Despite the increasing prevalence of patent pledges and their importance to the technology economy, current legal theories do not adequately support the enforcement of these promises. The principal theory used to enforce patent pledges to-date, particularly in the context of standards-related FRAND commitments, has its roots in common law contract doctrine. The theory situates patent pledges within a contractual framework among patent holders, standards-setting organizations (SSOs) and third party implementers of standards, relying largely on the third party beneficiary doctrine to extend hypothetical licensing commitments made by patent holders to SSOs to the entire market of firms implementing a standard. While this contract-based theory has been adopted by numerous commentators and a handful of courts, it falls short on a number of logical and theoretical grounds, not least because it fails to take into account the diverse range of settings in which technical standards and other common technology platforms are developed. Likewise, antitrust theories have been advanced to support the enforcement of patent pledges, but these too fall short when applied in a broad range of settings. Finally, the equitable doctrine of promissory estoppel, the application of which would appear most closely to address the unilateral nature of patent pledges, fails because a showing of specific reliance by the promisee is required, a showing that is difficult to make in complex technology markets characterized by thousands of patents and dozens of patent holders.
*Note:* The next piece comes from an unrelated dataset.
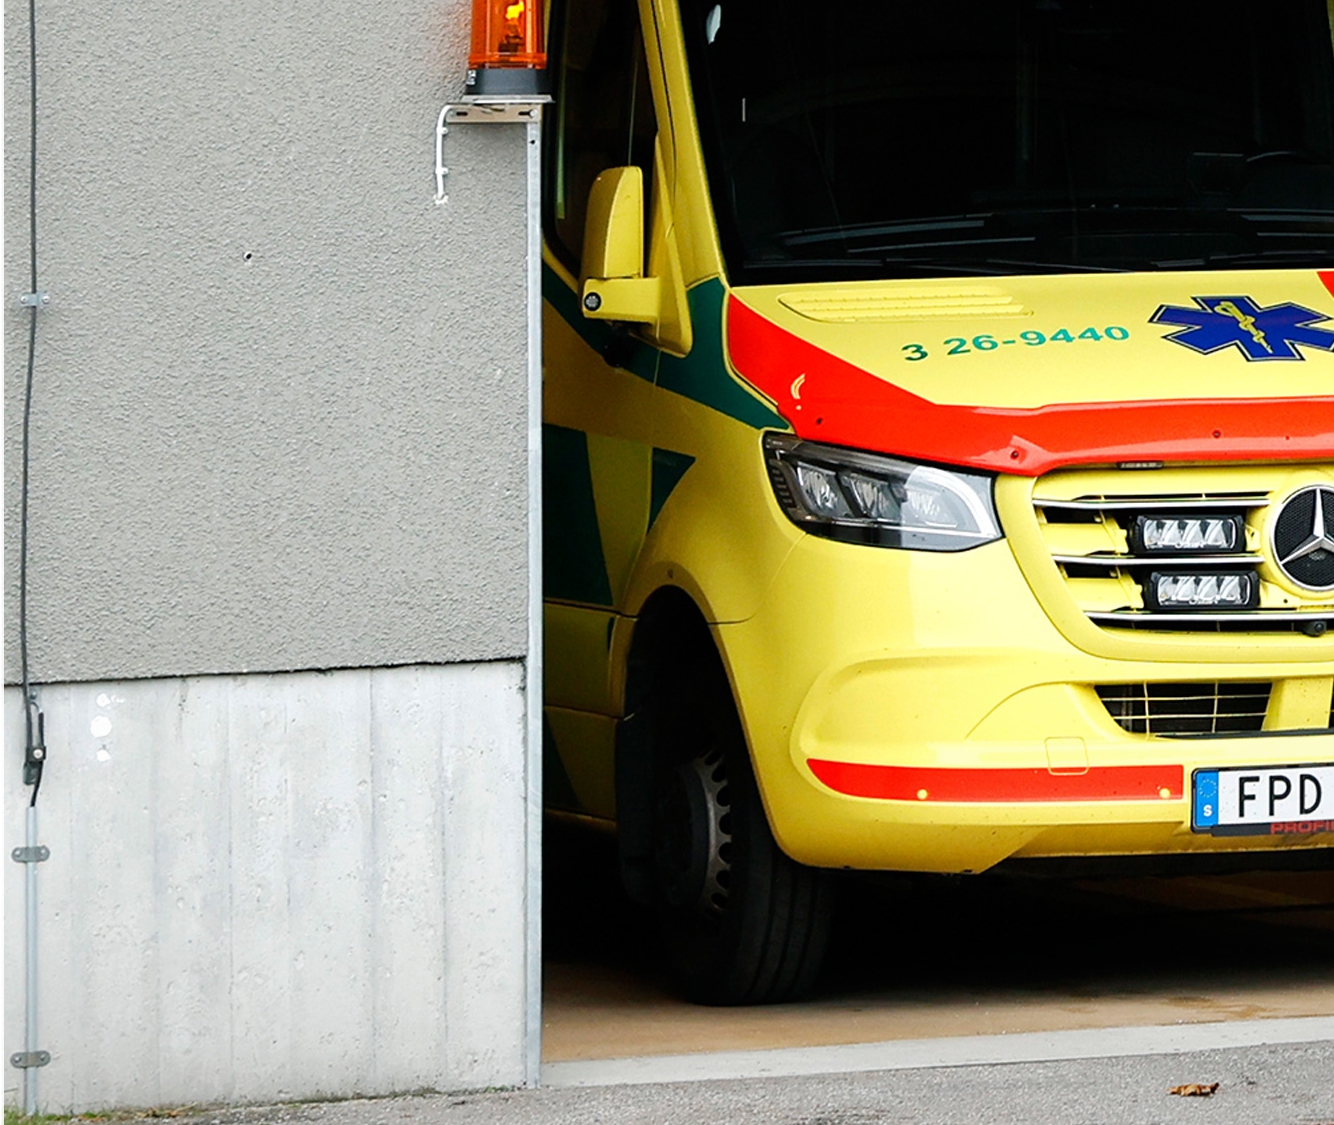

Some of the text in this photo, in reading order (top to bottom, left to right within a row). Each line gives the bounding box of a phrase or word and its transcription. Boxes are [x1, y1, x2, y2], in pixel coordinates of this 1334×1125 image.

[901, 325, 1130, 362] 3 26-9440
[1203, 804, 1213, 817] S
[1238, 773, 1323, 818] FPD
Thus, a new theory is needed to secure the market-wide benefits that patent pledges offer. In this article, I propose a novel “market reliance” theory that adapts the equitable doctrine of promissory estoppel to the patent pledge framework by adding a rebuttable presumption of reliance borrowed from the “fraud-on-the-market” theory under Federal securities law. Under this new approach, a patent holder’s public commitment to refrain from enforcing its patents would be enforceable by any participant in the relevant market, absent a showing that it knowingly rejected the commitment. The market reliance theory would offer a robust means for enforcing legitimate patent pledges by third party market participants, and would extend the effect of such pledges to downstream purchasers of patents. As such, the market reliance theory could fill a critical gap in the existing patent enforcement landscape and give greater assurance to technology markets that depend on them.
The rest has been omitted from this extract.